There's a better pattern for looping in a world of async callbacks - and it 
will get you out of your isWritable() tests completely.  Roughly this:

class RepeatedSender implements ChannelFutureListener {
  final int max;
  int requestId;
  RepeatedSender(int max) {  this.max = max; }
  
  public void operationComplete(ChannelFuture future) {
     if (future.cause()) {
        future.cause().printStackTrace();
        return; // something is wrong, so quit.
     }
     if (++requestId < max) {
        sendRequest();
     }
  }

  void sendRequest () {
    HttpRequest req = // create the request...
    client.write(req).addListener(this);
  }
}

new RepeatedSender(500).sendRequest();

Now, what this does is chain up the requests - so each one is not sent 
until the previous one has been flushed to the socket.  So, no loops and no 
writability tests because you are only called when the channel is not busy.
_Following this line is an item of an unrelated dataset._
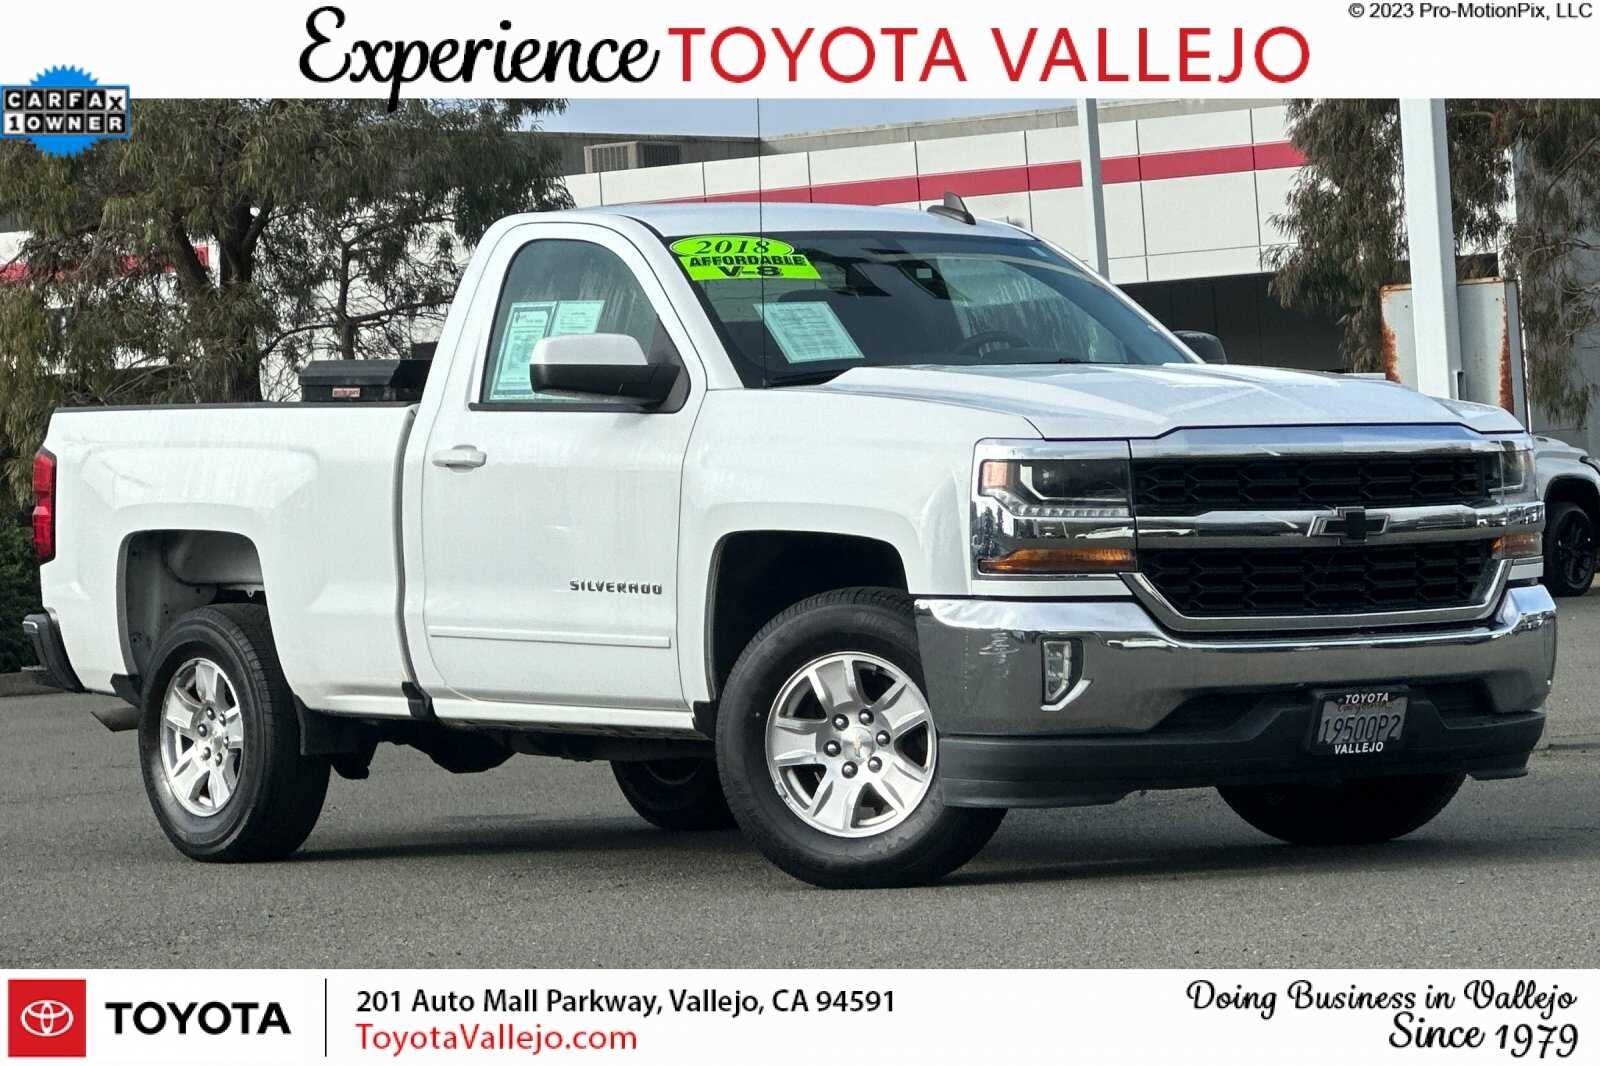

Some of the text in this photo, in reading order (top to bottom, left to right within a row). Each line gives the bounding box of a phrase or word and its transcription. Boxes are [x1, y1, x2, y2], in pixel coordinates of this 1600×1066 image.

If you wanted to, say, parallelize this to send more concurrent requests, 
you'd just create, say, an EventLoopGroup with 5 threads and create 5 
RepeatedSender(100) and call start on each one.

In other words, usually when you want to write a loop in async, callback 
based code, you're not going to use a for- or while-loop.  Instead, you're 
going to write something that gets called back when one batch of work is 
finished, and it then dispatches the next batch work until it's done.  It 
feels more like writing recursion than looping.